Your task -
Restate word for word the lines that run from the one containing "Some of the text" to the last line of the data, both ends included.

[Saved entries]
[Start of section]

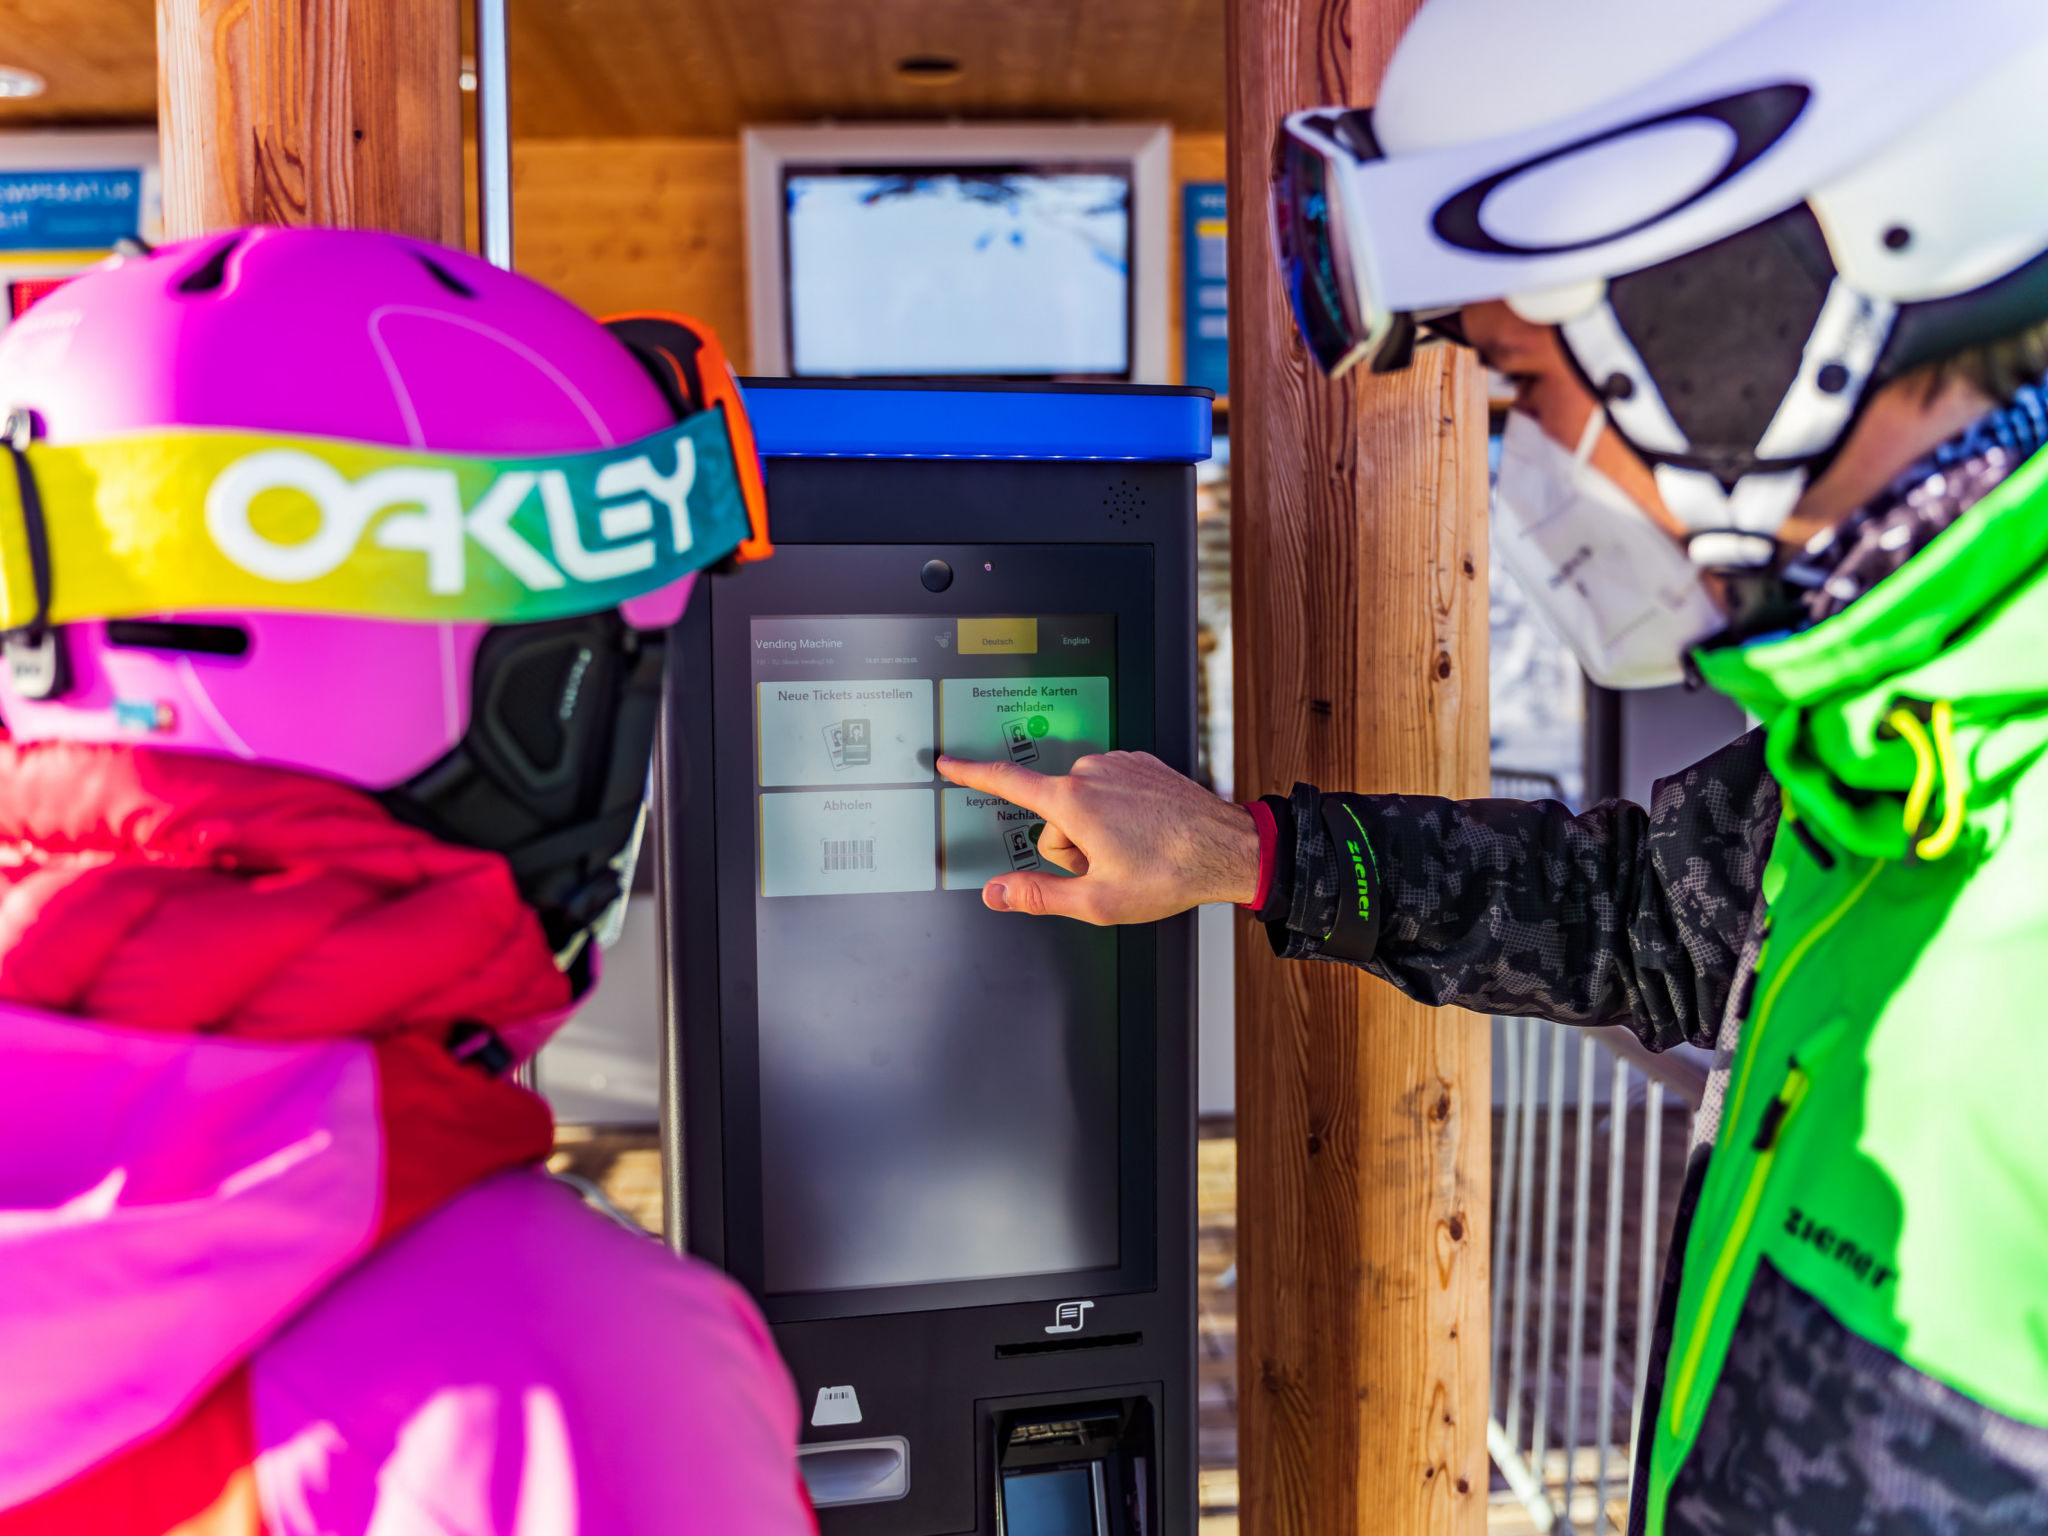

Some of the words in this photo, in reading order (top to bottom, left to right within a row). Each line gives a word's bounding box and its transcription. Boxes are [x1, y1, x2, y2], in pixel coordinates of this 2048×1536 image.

[205, 437, 696, 595] OAKLEY
[755, 638, 797, 651] Vending
[800, 637, 843, 649] Machine
[982, 637, 1013, 646] Deutsch
[1062, 636, 1090, 647] English
[778, 690, 809, 701] Neue
[812, 688, 852, 701] Tickets
[856, 688, 913, 701] ausstellen
[972, 686, 1037, 698] Bestehende
[1041, 686, 1078, 697] Karten
[997, 700, 1054, 713] nachladen
[823, 799, 872, 811] Abholen
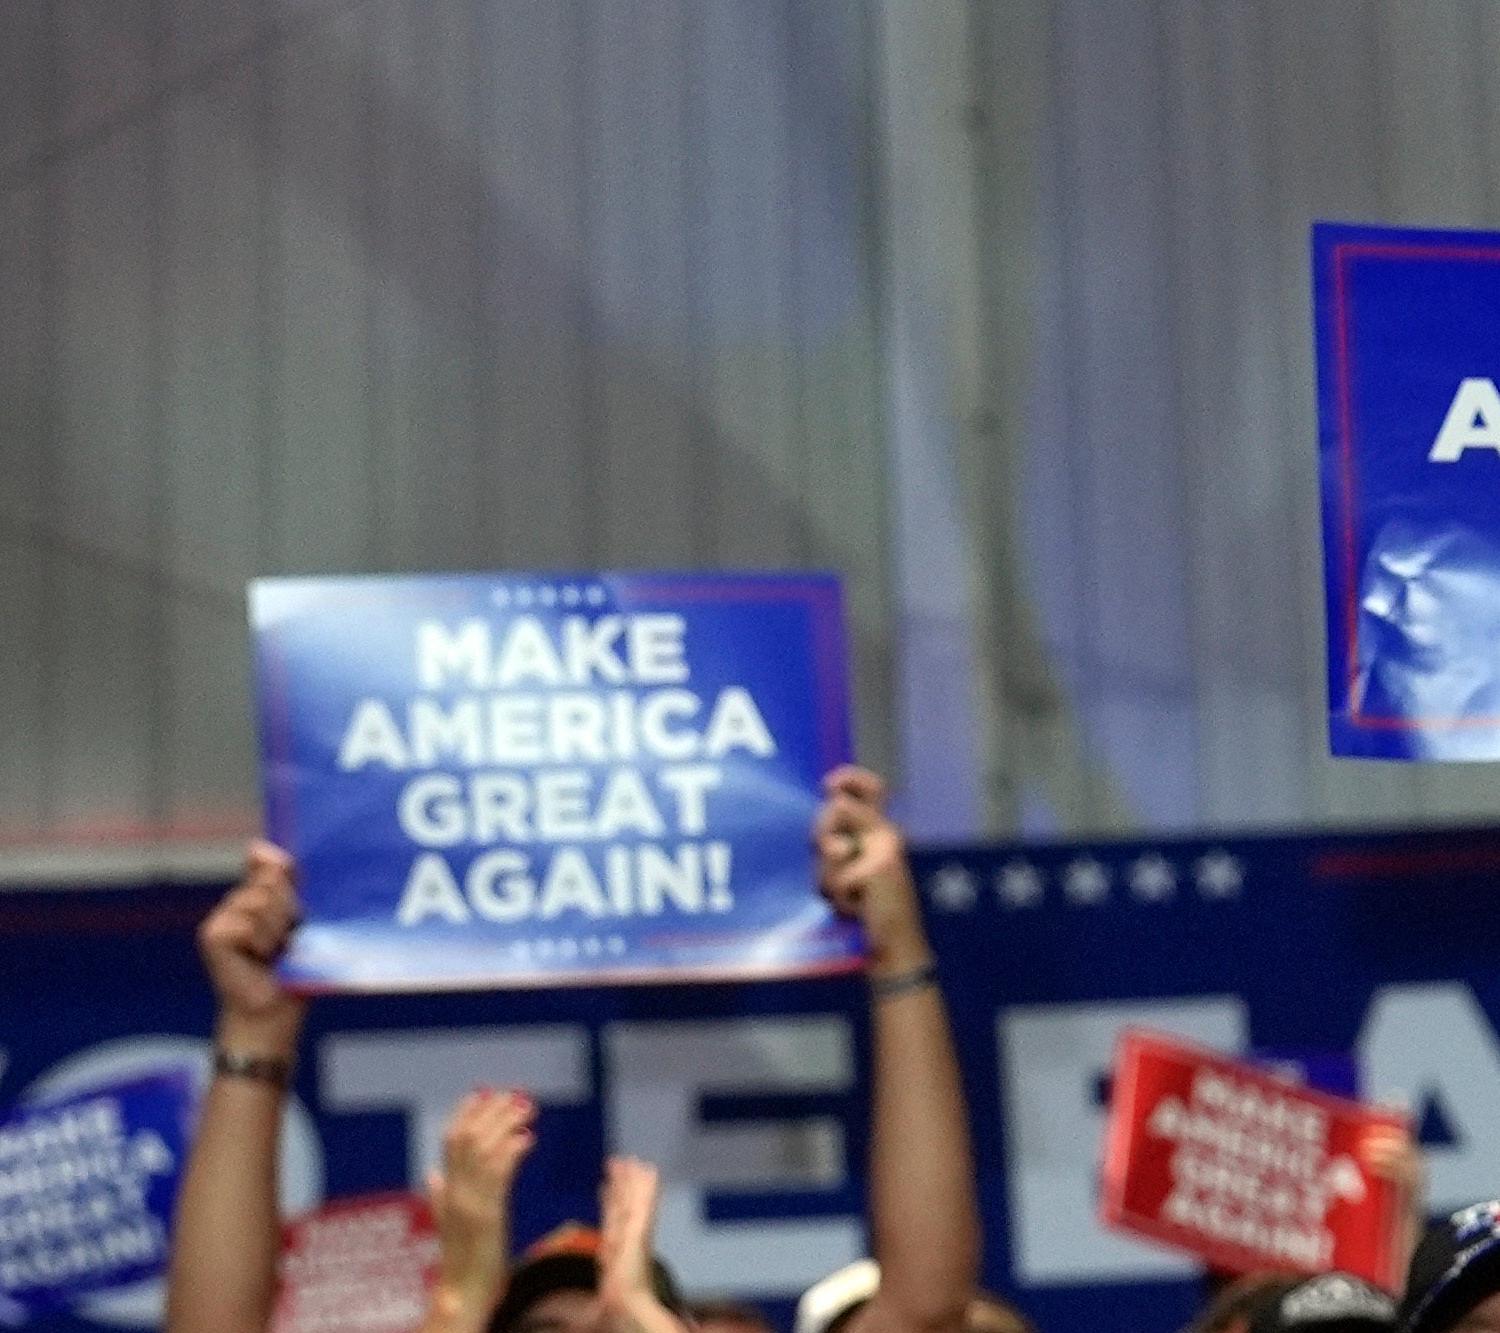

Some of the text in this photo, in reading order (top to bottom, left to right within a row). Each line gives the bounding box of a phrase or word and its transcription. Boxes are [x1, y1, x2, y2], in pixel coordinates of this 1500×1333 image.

[416, 613, 688, 688] MAKE
[337, 687, 776, 773] AMERICA
[398, 767, 721, 848] GREAT
[397, 844, 731, 926] AGAIN!

[End of section]

Task solution -
Some of the text in this photo, in reading order (top to bottom, left to right within a row). Each line gives the bounding box of a phrase or word and its transcription. Boxes are [x1, y1, x2, y2], in pixel coordinates of this 1500×1333 image.

[416, 613, 688, 688] MAKE
[337, 687, 776, 773] AMERICA
[398, 767, 721, 848] GREAT
[397, 844, 731, 926] AGAIN!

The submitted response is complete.